Annotated photo localization data
•••••

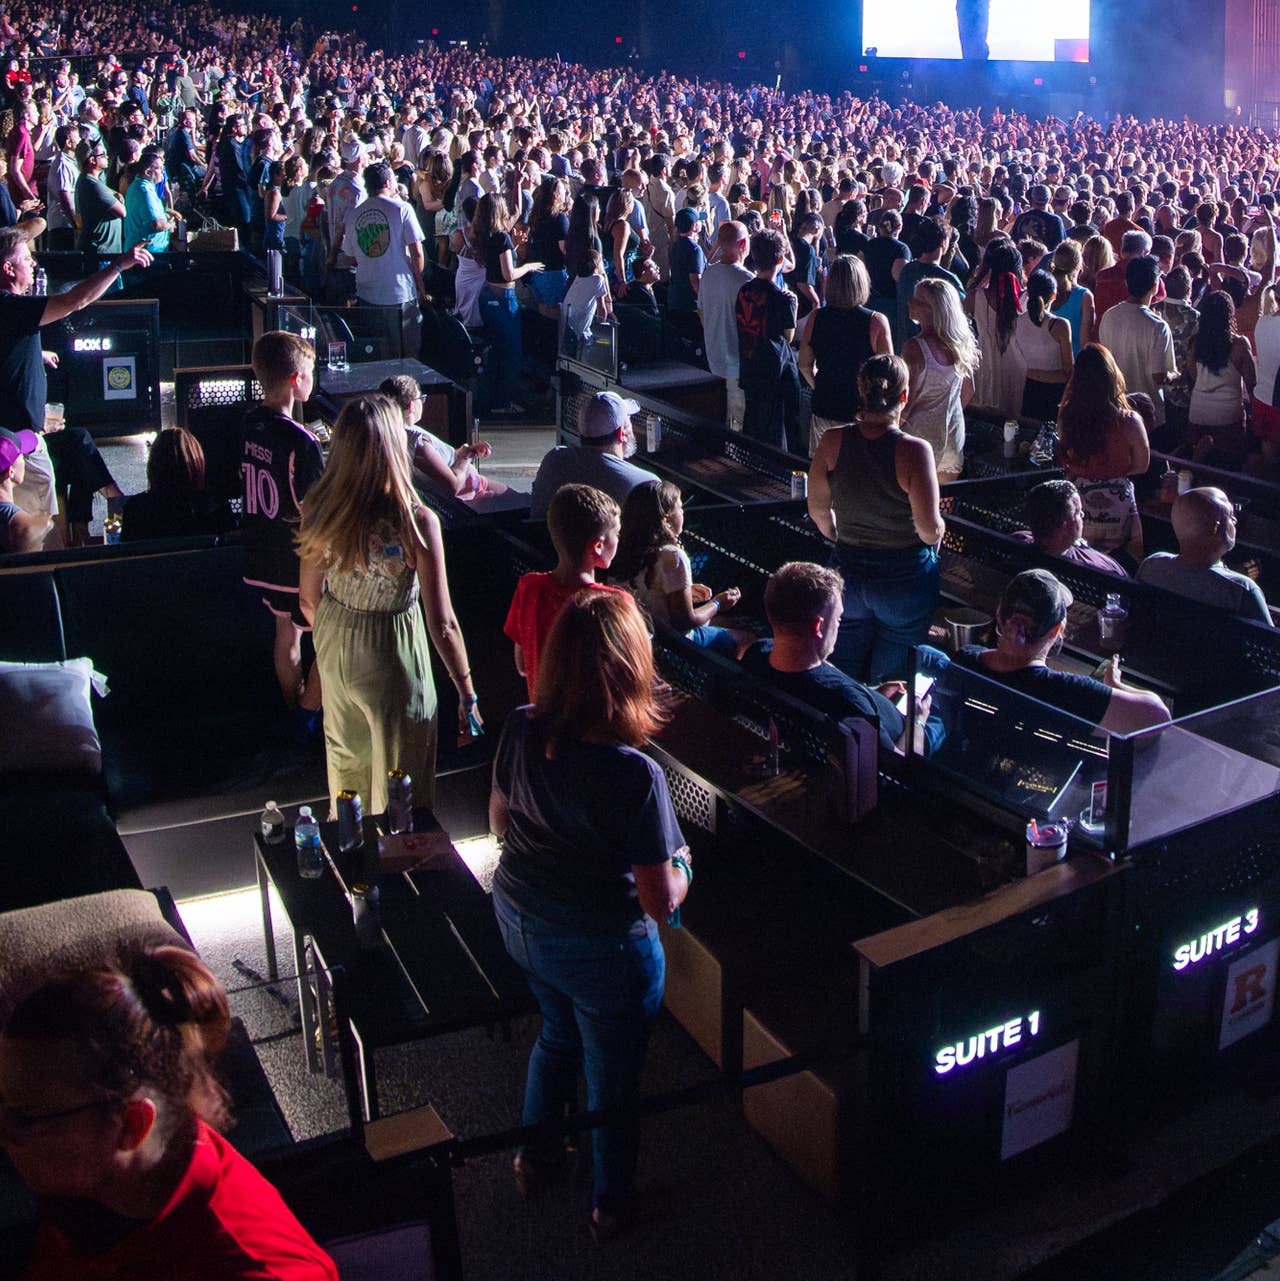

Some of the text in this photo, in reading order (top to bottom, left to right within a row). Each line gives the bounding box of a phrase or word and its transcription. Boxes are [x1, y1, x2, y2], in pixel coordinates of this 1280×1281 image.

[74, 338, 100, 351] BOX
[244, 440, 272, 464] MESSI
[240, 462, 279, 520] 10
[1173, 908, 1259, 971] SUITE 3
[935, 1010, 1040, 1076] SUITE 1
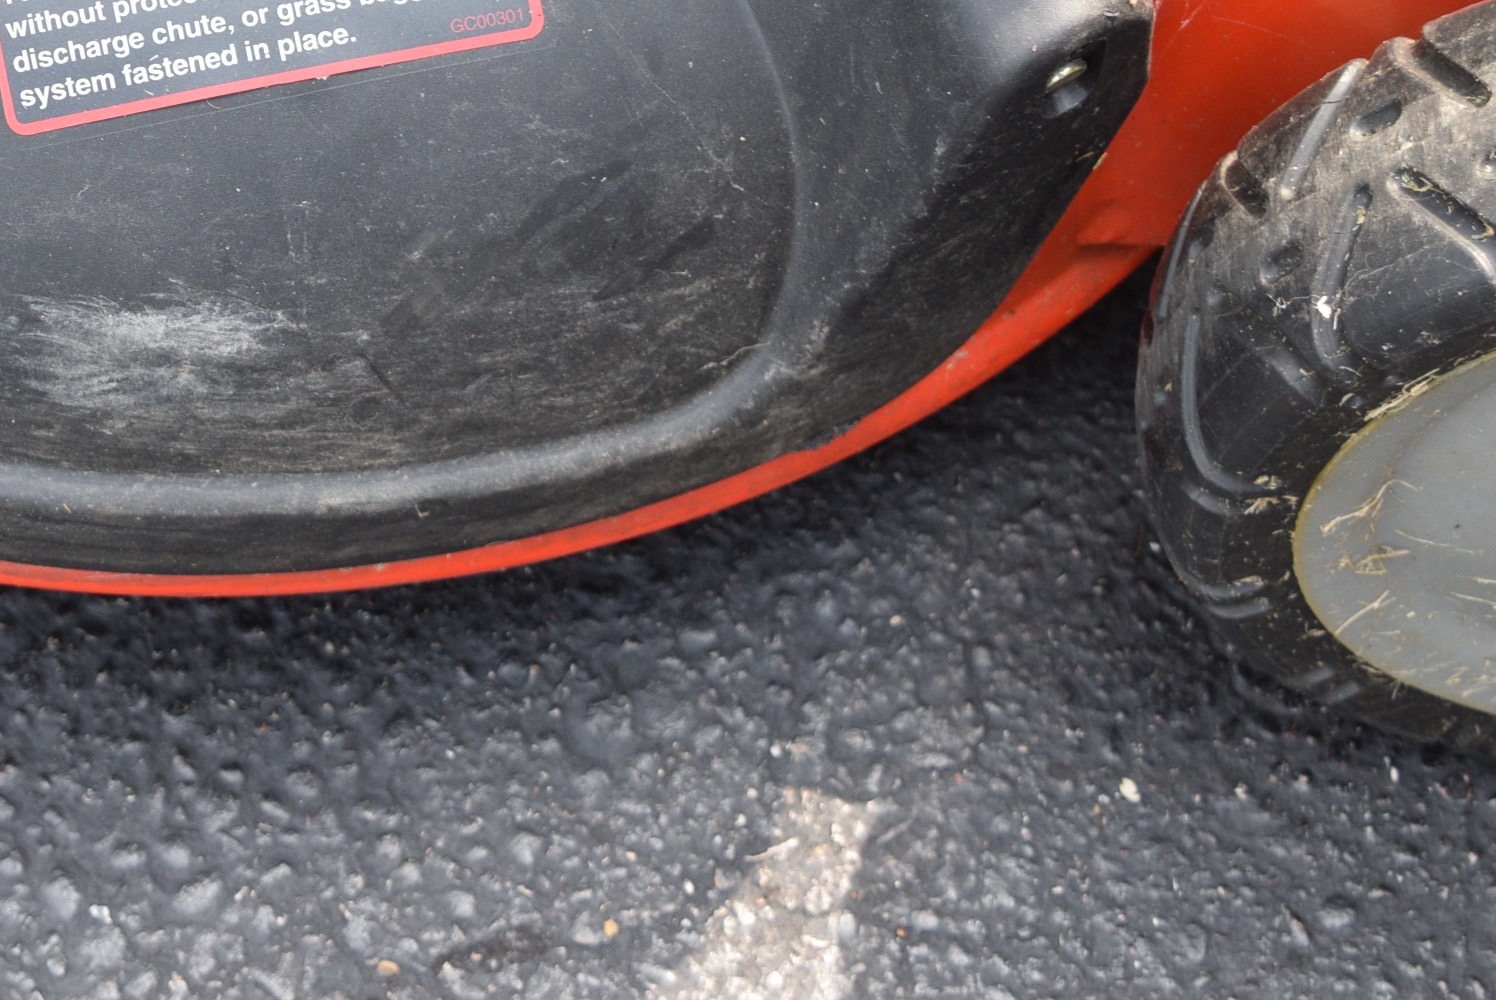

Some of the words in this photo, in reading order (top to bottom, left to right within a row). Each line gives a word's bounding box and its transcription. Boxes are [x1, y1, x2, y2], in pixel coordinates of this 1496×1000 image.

•••••

Exercise goal: Set each line of the records down exactly, leaving every picture out.

Solution for this exercise:
Some of the text in this photo, in reading order (top to bottom, left to right within a row). Each line gives the bounding box of a phrase or word and its transcription. Boxes are [x1, y1, x2, y2], in pixel coordinates of this 1280×1281 image.

[74, 338, 100, 351] BOX
[244, 440, 272, 464] MESSI
[240, 462, 279, 520] 10
[1173, 908, 1259, 971] SUITE 3
[935, 1010, 1040, 1076] SUITE 1

Some of the words in this photo, in reading order (top to bottom, left to right within a row). Each line gives a word's bounding box and its transcription. Boxes are [x1, y1, x2, y2], in pixel coordinates of this 1496×1000 image.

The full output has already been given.